The estimated parameters are very good! Below we can see the error of the estimation:

In [25]:

print(f"Error in estimation of alpha = {(np.abs(alpha-alpha_KF)/alpha *100).round(2)}%")
print(f"Error in estimation of beta = {(np.abs(beta-beta_KF)/beta *100).round(4)}%")
print(f"Error in estimation of var eta = {(np.abs(var_eta-var_eta_KF)/var_eta *100).round(2)}%")
print(f"Error in estimation of var eps = {(np.abs(var_eps-var_eps_KF)/var_eps *100).round(2)}%")

Out[25]:

Error in estimation of alpha = 33.1%
Error in estimation of beta = 0.0115%
Error in estimation of var eta = 8.89%
Error in estimation of var eps = 0.61%

Kalman smoother

Let's implement the RTS smoother.

In addition to the smooth state and variance process, here I also estimate the smooth covariance $P_{k-1,k \mid N}$ (called Cs_smooth in the code).

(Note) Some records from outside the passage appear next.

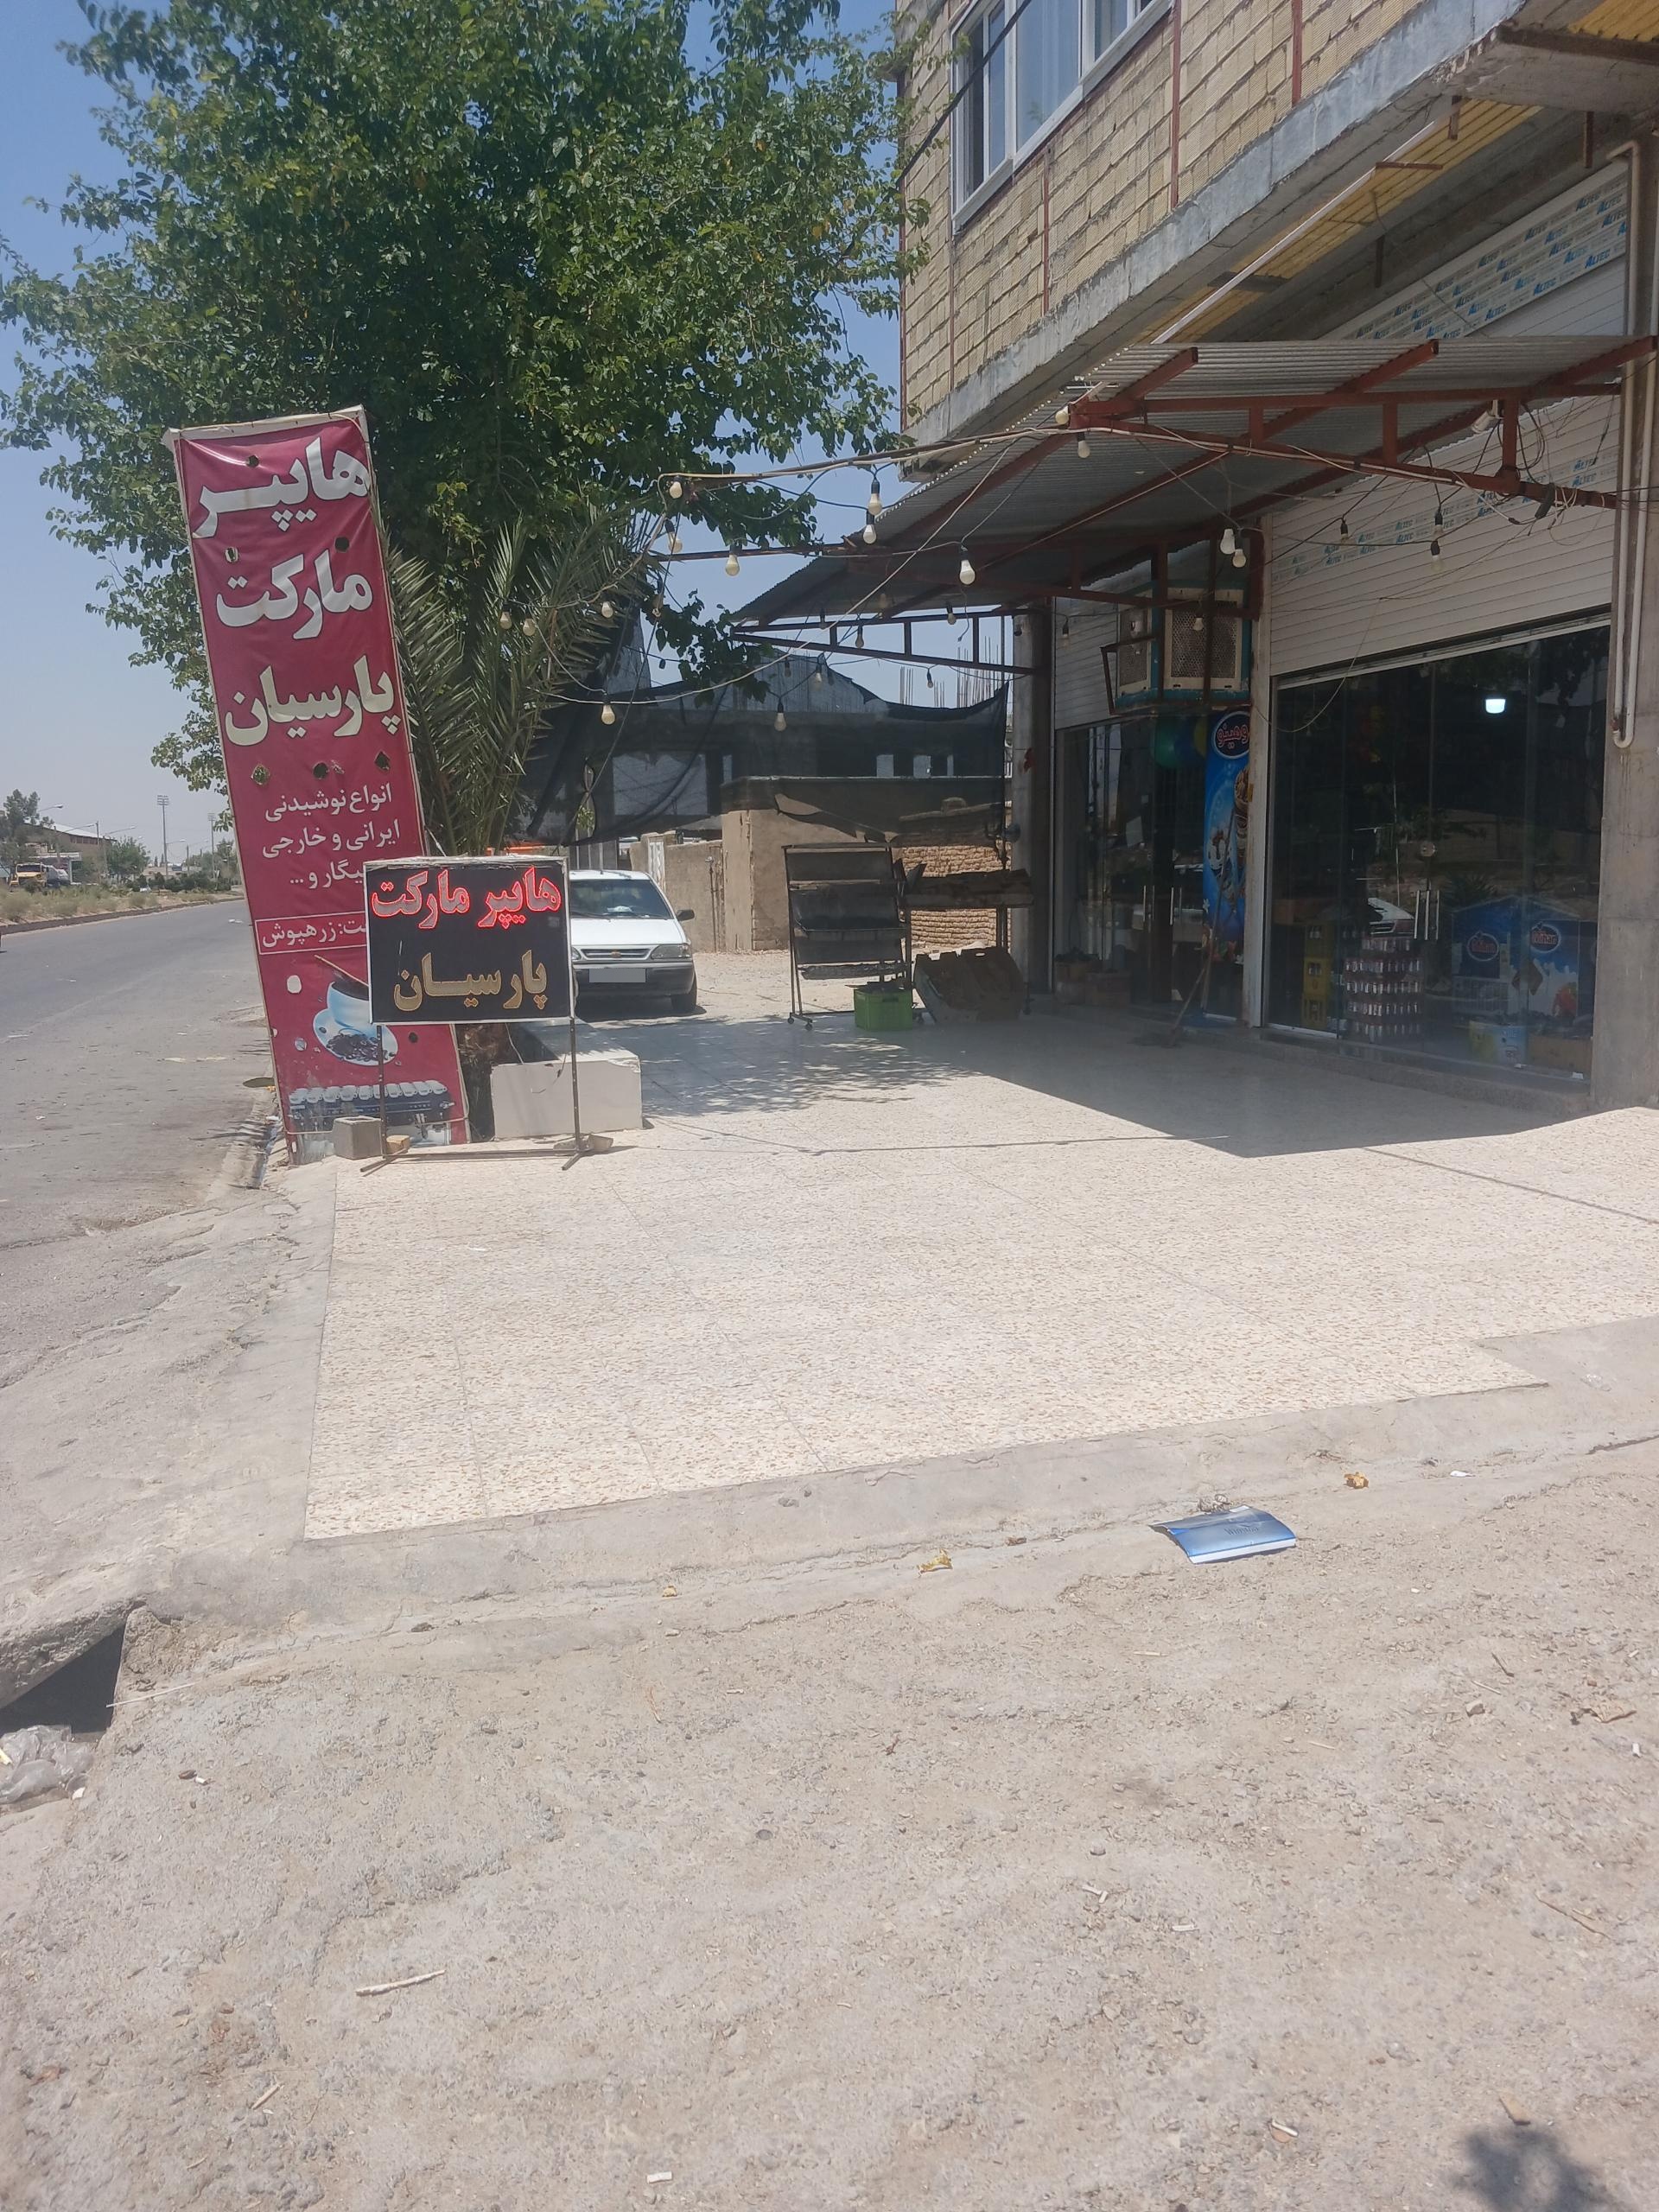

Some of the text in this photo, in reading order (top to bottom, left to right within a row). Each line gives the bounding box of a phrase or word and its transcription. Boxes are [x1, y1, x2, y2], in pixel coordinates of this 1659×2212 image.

[1596, 194, 1624, 215] ALTEC
[1585, 249, 1611, 269] ALTEC
[1533, 277, 1557, 296] ALTEC
[1484, 303, 1507, 321] ALTEC
[193, 436, 372, 538] هایپر
[216, 549, 373, 640] مارکت
[225, 655, 401, 746] پارسیان
[265, 782, 392, 822] انواع نوشیدنی
[262, 819, 400, 858] ایرانی و خارجی
[308, 871, 319, 889] و
[322, 859, 364, 888] یگار
[372, 866, 562, 930] هایپر مارکت
[393, 950, 549, 1012] پارسیان

\hat x_{k\mid N} = \mathbb{E}\biggl[x_k \bigg| y_N,...,y_0\biggr] \quad \text{and} \quad P_{k-1,k \mid N} = \mathbb{E}\biggl[ \bigl(x_k-\hat x_{k\mid N}\bigr) \bigl(x_{k-1}-\hat x_{k-1\mid N}\bigr) \,\bigg | \, y_N,...,y_0\biggr]

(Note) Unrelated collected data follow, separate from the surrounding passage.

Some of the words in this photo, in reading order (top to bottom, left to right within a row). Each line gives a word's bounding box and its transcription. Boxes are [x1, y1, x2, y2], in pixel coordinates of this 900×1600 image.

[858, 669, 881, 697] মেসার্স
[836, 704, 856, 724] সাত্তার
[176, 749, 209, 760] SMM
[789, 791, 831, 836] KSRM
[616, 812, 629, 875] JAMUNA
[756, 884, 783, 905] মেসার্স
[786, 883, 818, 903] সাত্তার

The formulas to obtain $P_{k-1,k \mid N}$ are long and can be found in [3] or in the Appendix of [7]. Here I just write the python code:

In [26]:

def Smoother(Y, x0, P0, alpha, beta, var_eta, var_eps):
    """Kalman smoother"""

    xs, Ps, _ = Kalman(Y, x0, P0, alpha, beta, var_eta, var_eps)

    xs_smooth = np.zeros_like(xs)
    Ps_smooth = np.zeros_like(Ps)
    Cs_smooth = np.zeros_like(Ps)
    C = np.zeros_like(Ps)
    xs_smooth[-1] = xs[-1]
    Ps_smooth[-1] = Ps[-1]
    K = (beta**2 * Ps[-2] + var_eta) / (beta**2 * Ps[-2] + var_eta + var_eps)
    Cs_smooth[-1] = Ps[-1]
    Cs_smooth[-2] = beta * (1 - K) * Ps[-2]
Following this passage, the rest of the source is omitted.